Leishmania (Viannia) braziliensis is a parasite prevalent in Brazil and associated with tegumentary leishmaniasis (TL), including cutaneous (CL) and mucosal (ML) forms. The mechanisms of pathogenesis of TL are not fully understood, including some factors related to the host and parasite interaction in response to infection, and especially about Leishmania RNA Virus 1 (LRV1), an endosymbiont virus parasitizing Leishmania species, particularly triggers ML. Molecular approaches are usually applied to compare situations and to understand these interactions. Here, microarray analysis identified 162 differentially expressed genes in LbLRV1+ vs. LbLRV1- infection, with 126 upregulated genes related to IFN signaling, OAS/RNAse L, vitamin D3, and RIG-I type receptors. Additionally, 36 down-regulated genes were observed. Then, two validation assays were performed to confirm these results (RT-qPCR and Cytometric Bead Array). The main results comprise the differential gene expression in cells infected with LbLRV1+ compared to LbLRV1- and control, with overexpression of various genes in LbLRV1+ cells. Cytokine levels showed no significant differences between LbLRV1+ and LbLRV1-. This study highlighted the activation of the OAS/RNase L signaling pathway and the non-genomic actions of vitamin D3 in LbLRV1+ infection compared to LbLRV1- and control.

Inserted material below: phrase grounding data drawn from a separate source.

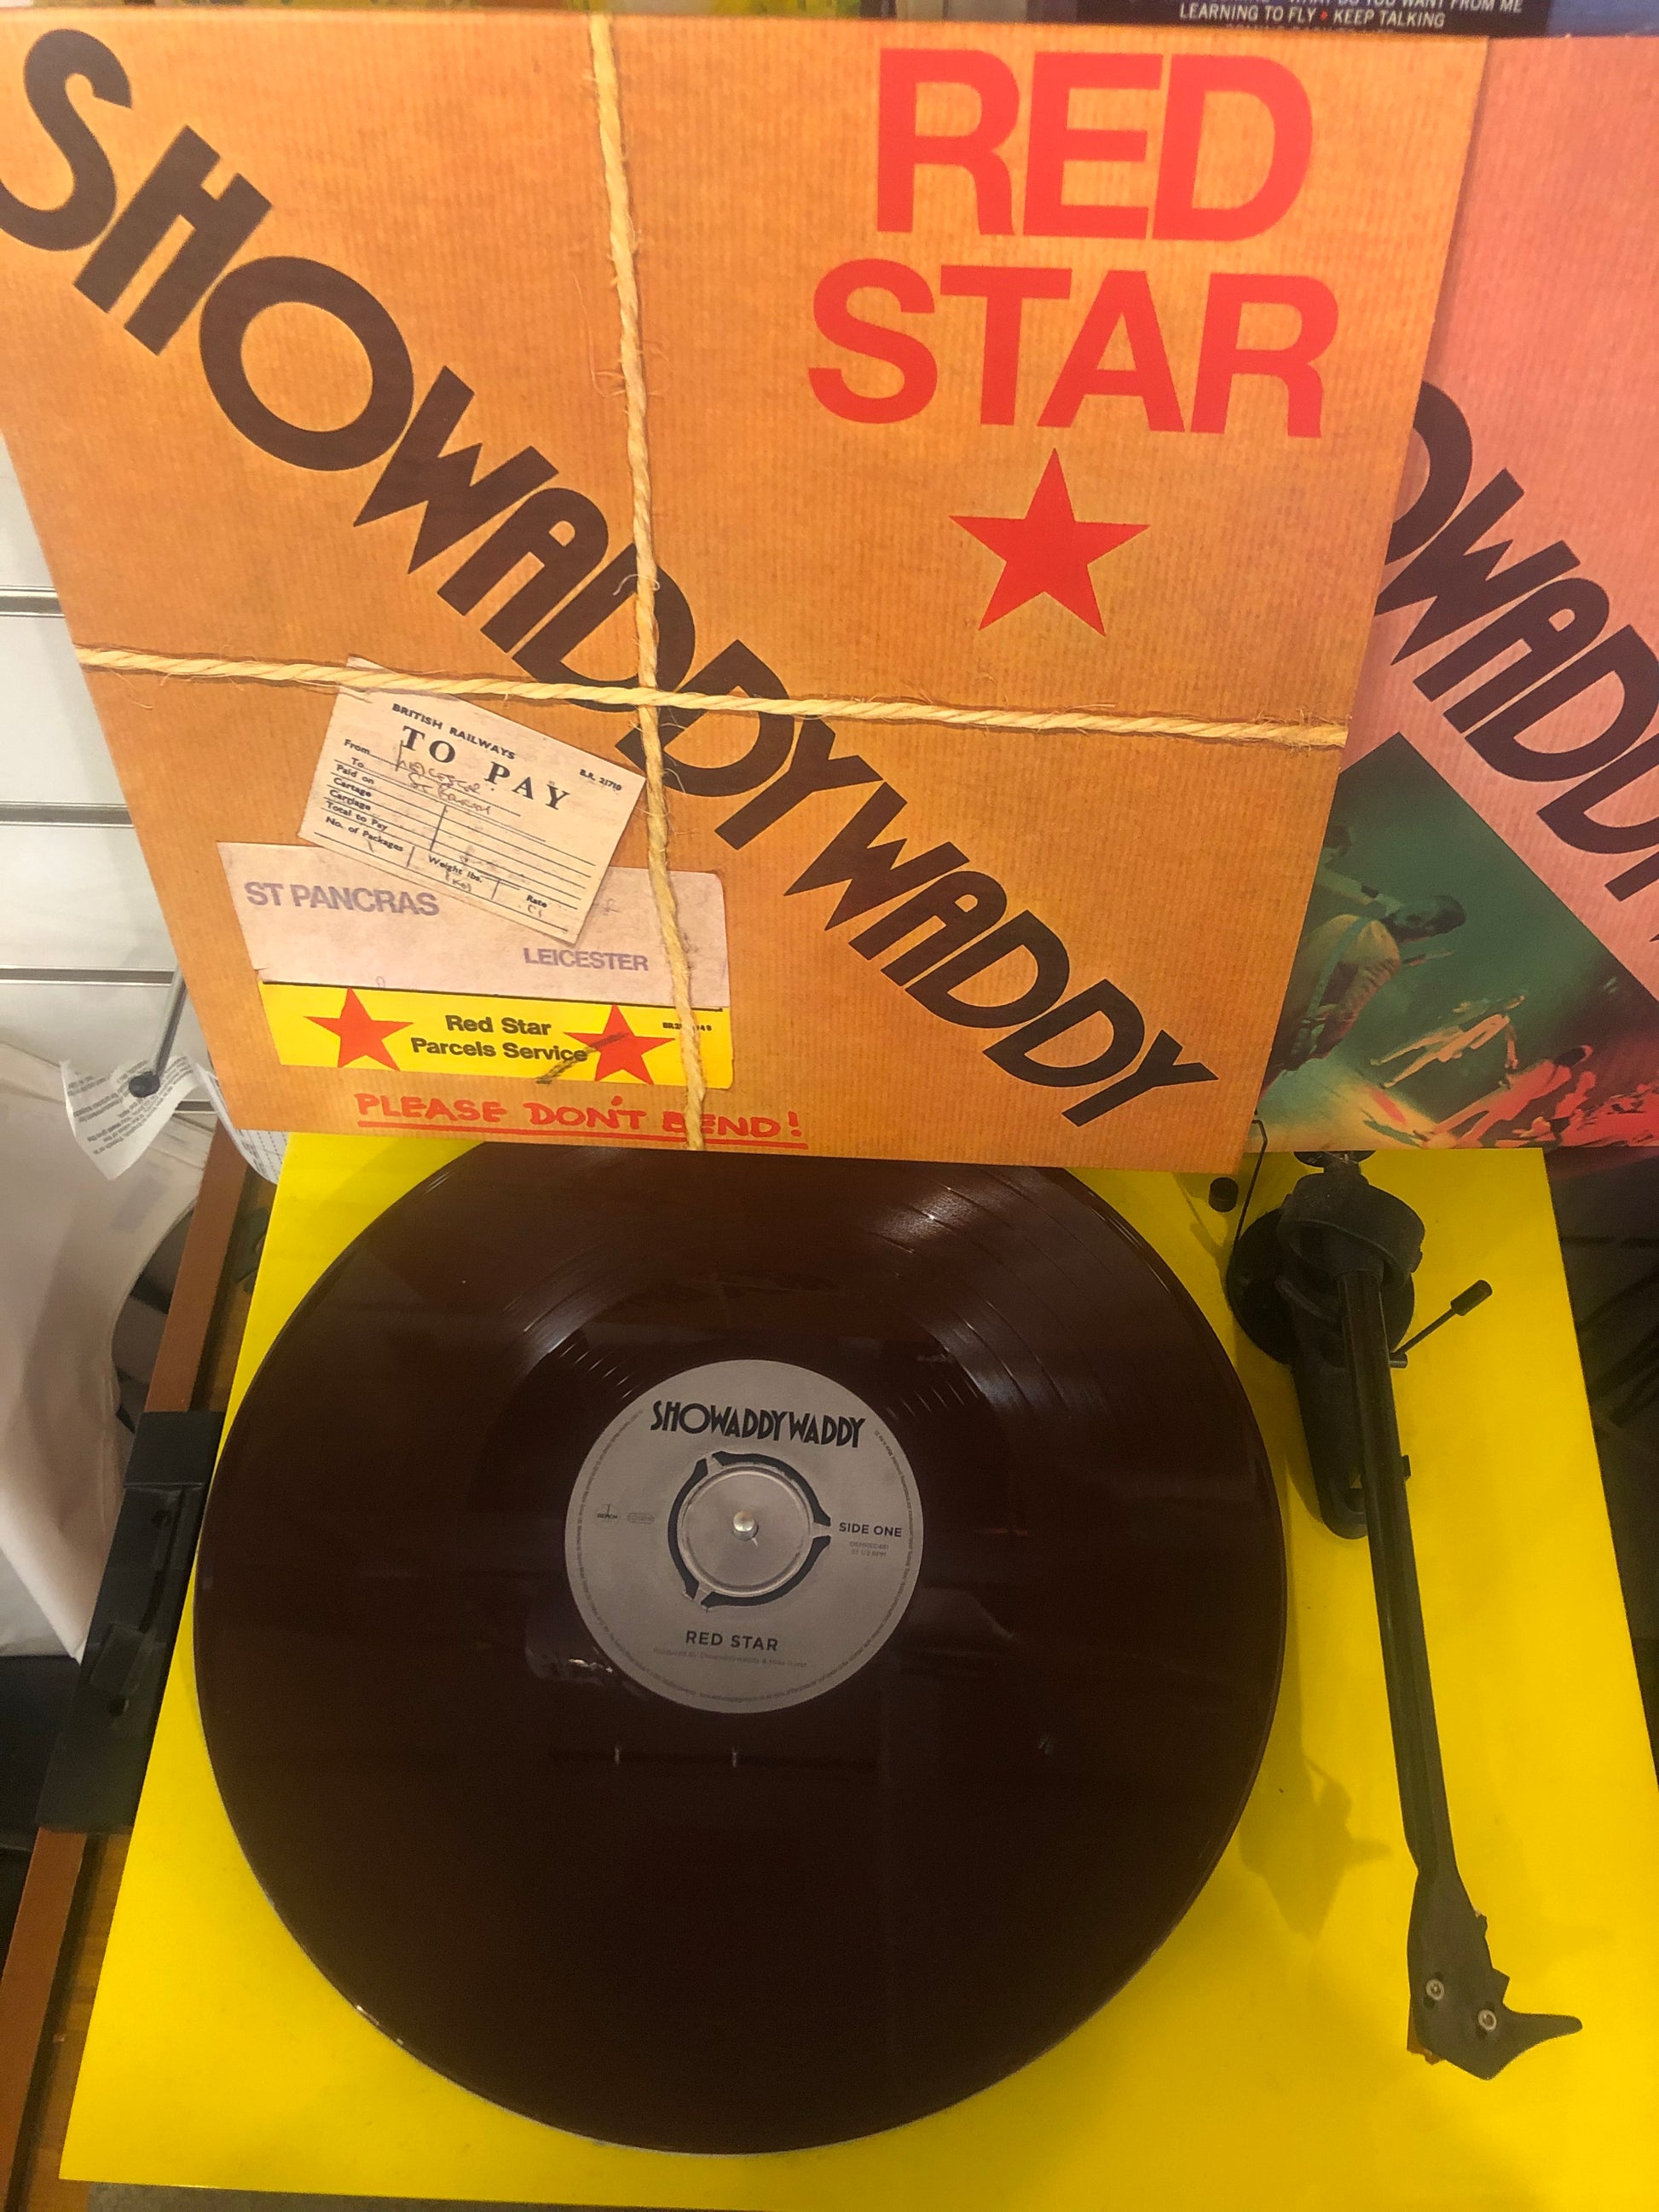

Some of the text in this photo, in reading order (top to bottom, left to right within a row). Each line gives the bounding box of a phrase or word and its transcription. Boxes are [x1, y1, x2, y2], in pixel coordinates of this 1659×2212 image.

[1180, 3, 1258, 20] LEARNING
[1265, 5, 1284, 21] TO
[1287, 6, 1317, 23] FLY
[1333, 9, 1374, 25] KEEP
[1379, 10, 1446, 28] TALKING
[876, 47, 1314, 242] RED
[807, 257, 1339, 439] STAR
[0, 28, 1219, 1128] SHOWADDYWADDY
[391, 703, 517, 760] BRITISH RAILWAYS
[344, 738, 371, 756] From
[336, 764, 374, 785] Paid on
[350, 756, 364, 769] To
[401, 725, 571, 811] TO PAY
[333, 777, 373, 798] Cartage
[326, 800, 388, 832] Total to Pay
[326, 816, 344, 829] No.
[362, 829, 404, 852] Packages
[429, 854, 463, 875] Weight
[466, 870, 483, 884] lbs.
[244, 881, 440, 916] ST PANCRAS
[525, 894, 547, 909] Rate
[523, 947, 649, 972] LEICESTER
[444, 1014, 552, 1036] Red Star
[410, 1037, 588, 1062] Parcels Service
[354, 1092, 508, 1123] PLEASE
[523, 1095, 647, 1130] DON'T
[650, 1400, 866, 1448] SHOWADDYWADDY
[839, 1522, 903, 1538] SIDE ONE
[685, 1630, 779, 1652] RED STAR

This research contributes to our understanding of the immune response and molecular pathways involved in Leishmania infections, particularly in the presence of LRV1. We used microarrays to detail the global gene expression program underlying infection of human mnocyte-derived macrophages with LbLRV1-, LbLRV1+ and identified distinct classes of genes upregulated during this process. Comparison of gene expression levels in human macrophages after infection with LbLRV1+ and LbLRV1- in relation to uninfected human macrophages. Samples from three donors were selected to obtain human peripheral blood mononuclear cells (PBMCs). PBMCs from each donor were divided into three sets of cell culture experiments for differentiation into macrophages. The first group consisted of cultures maintained with infection by a LbLRV1+ strain and the second group was maintained with infection by a LbLRV1- strain. As a control for the experiment, a third group of cell cultures was maintained without infection. Gene expression levels were evaluated using microarray analysis.